- Born: April 19, 1961 New York, U.S.
- Died: October 26, 2012 (aged 51) Burbank, California, U.S.
- Occupations: Television producer and writer, harness horseman
- Spouse(s): Vicki Juditz (?-his death; 1 child)
- Parent(s): Freddie Roman Ethel Kirschenbaum

= Alan Kirschenbaum =

American television producer and writer

Alan Kirschenbaum (April 19, 1961 – October 26, 2012) was an American television sitcom producer and writer.

==Early life, family and education==
Kirschenbaum was born in New York to stand-up comedian Freddie Roman (a.k.a. Fred Kirschenbaum) and Ethel Kirschenbaum. He had a sister, Judi. Alan's paternal great-grandfather owned the Crystal Springs Hotel in the Catskills, where Freddie Roman began performing.

Alan attended high school in New City, New York in Rockland County. He graduated from the University of Pennsylvania's Wharton School of Business with a degree in marketing in 1983.

==Career==
===Television===
His early work in television was as a writer for the Judd Hirsch sitcom Dear John and the short-lived Everything's Relative. He directed some episodes of the sitcom Everybody Loves Raymond (created by his high school friend Philip Rosenthal) and was the head writer for Coach for three seasons.

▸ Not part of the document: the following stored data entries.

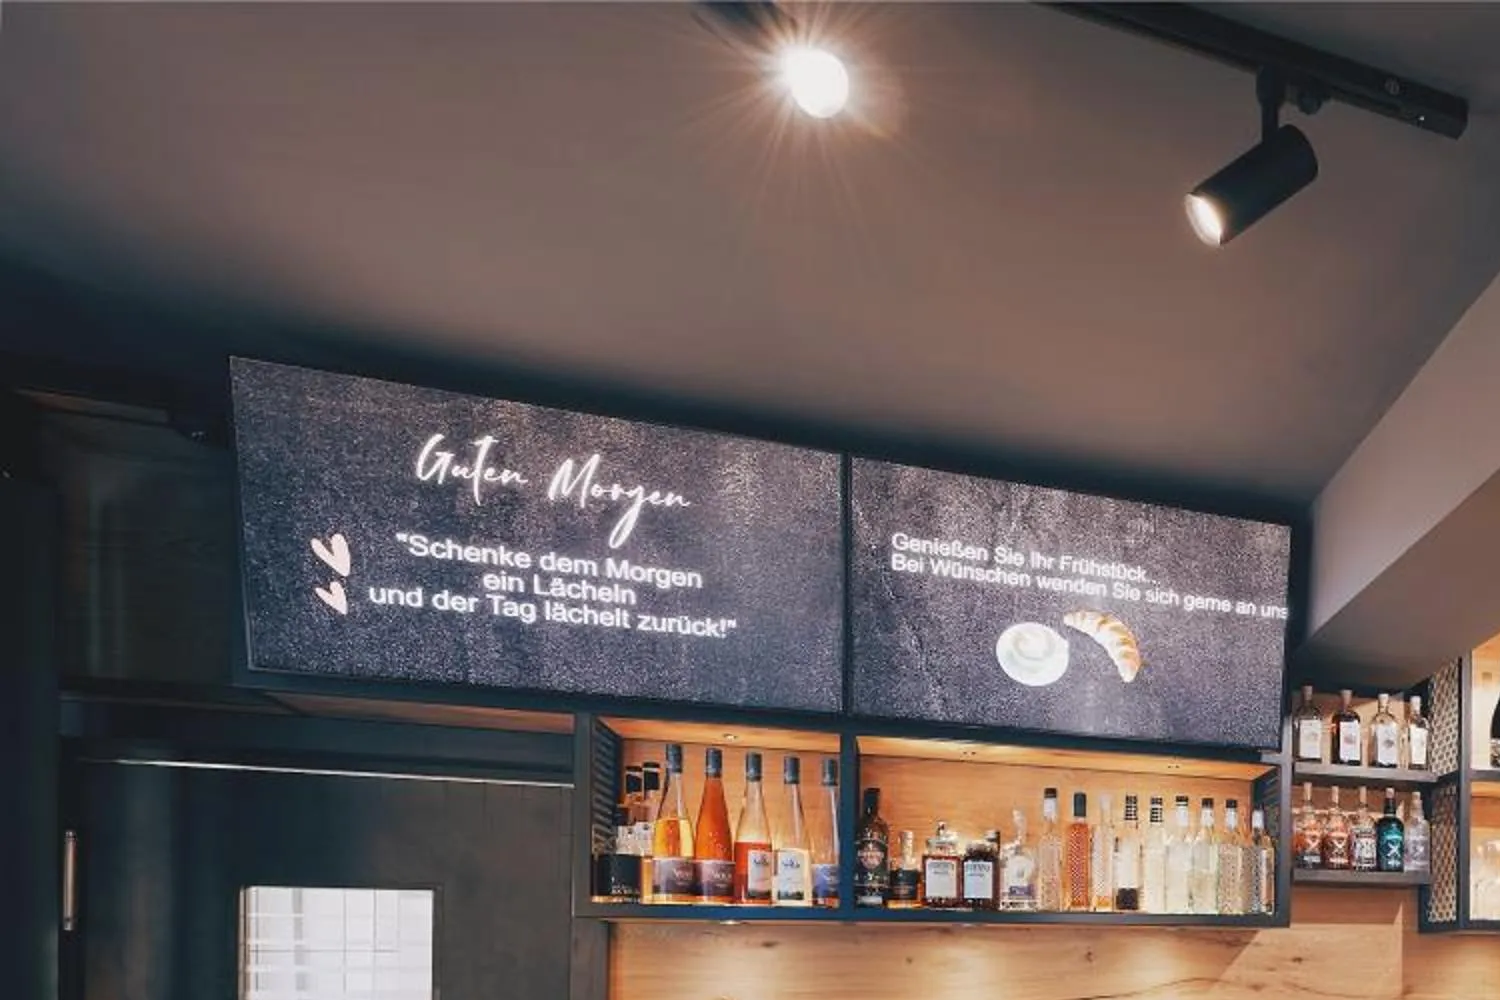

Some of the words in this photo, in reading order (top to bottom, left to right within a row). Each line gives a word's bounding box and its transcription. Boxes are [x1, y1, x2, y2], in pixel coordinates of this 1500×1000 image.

[415, 433, 529, 507] Guten
[548, 453, 692, 549] Morgen
[539, 551, 598, 577] dem
[605, 557, 703, 589] Morgen
[891, 532, 989, 562] Genießen
[993, 546, 1025, 567] Sie
[1030, 550, 1055, 571] Ihr
[483, 570, 525, 593] ein
[533, 573, 636, 605] Lächeln
[891, 553, 924, 573] Bei
[929, 557, 1031, 588] Wünschen
[1036, 575, 1107, 598] wenden
[1112, 581, 1141, 601] Sie
[1145, 585, 1179, 606] sich
[1183, 594, 1232, 612] gerne
[1235, 601, 1256, 616] an
[368, 586, 423, 608] und
[431, 589, 478, 613] der
[486, 593, 537, 624] Tag
[545, 600, 631, 629] lächelt
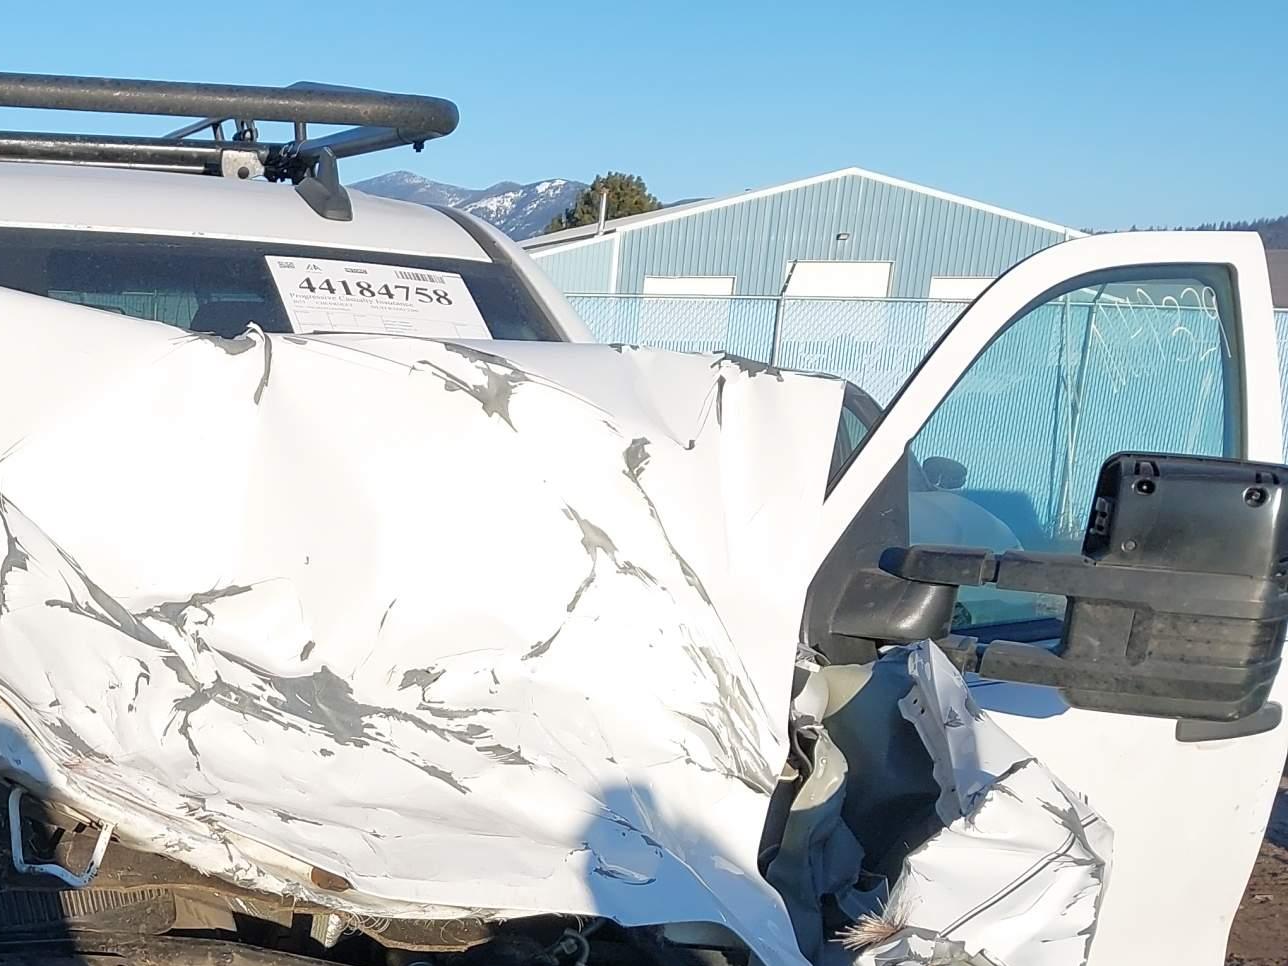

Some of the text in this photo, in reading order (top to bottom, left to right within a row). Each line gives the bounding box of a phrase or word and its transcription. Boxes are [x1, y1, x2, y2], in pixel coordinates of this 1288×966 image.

[289, 292, 414, 308] Progressive Casualty Insurance
[298, 276, 453, 306] 44184758

He was a writer for Baby Talk, a co-creator, writer and producer of the sitcom Yes, Dear, a producer/writer on Raising Hope, creator of Down the Shore (hiring college friend Lew Schneider in the leading role and Phil Rosenthal to help with writing), and co-creator of the unaired series Friend Me. He was a producer on Stark Raving Mad (an episode of which his father appeared in as himself) and Center of the Universe.

===Other endeavors===
Kirschenbaum was also very involved in the sport of harness racing. He worked as a racehorse trainer in college at Liberty Bell Race Track in Philadelphia and at the Meadowlands Racetrack in northern New Jersey for three years and reporter/commentator for ESPN on their Breeders Crown broadcasts. Kirschenbaum was an owner and horse breeder for many years. Kirschenbaum was also a supporter of the California Sire Stakes for harness horses. He was a supporter of the California Harness Horseman's Association, serving as president, along with being an avid amateur driver, racing in several East vs. West Coast challenges.

Additionally, Kirschenbaum worked as an instructor for the UCLA Extension Writers Program.

==Personal life==
Kirschenbaum and his wife, actress and storyteller Vicki Juditz, had a daughter, Molly (born c. 1999).

He died by suicide on October 26, 2012. He was found dead in his home in Burbank, California. His funeral was in New City, New York.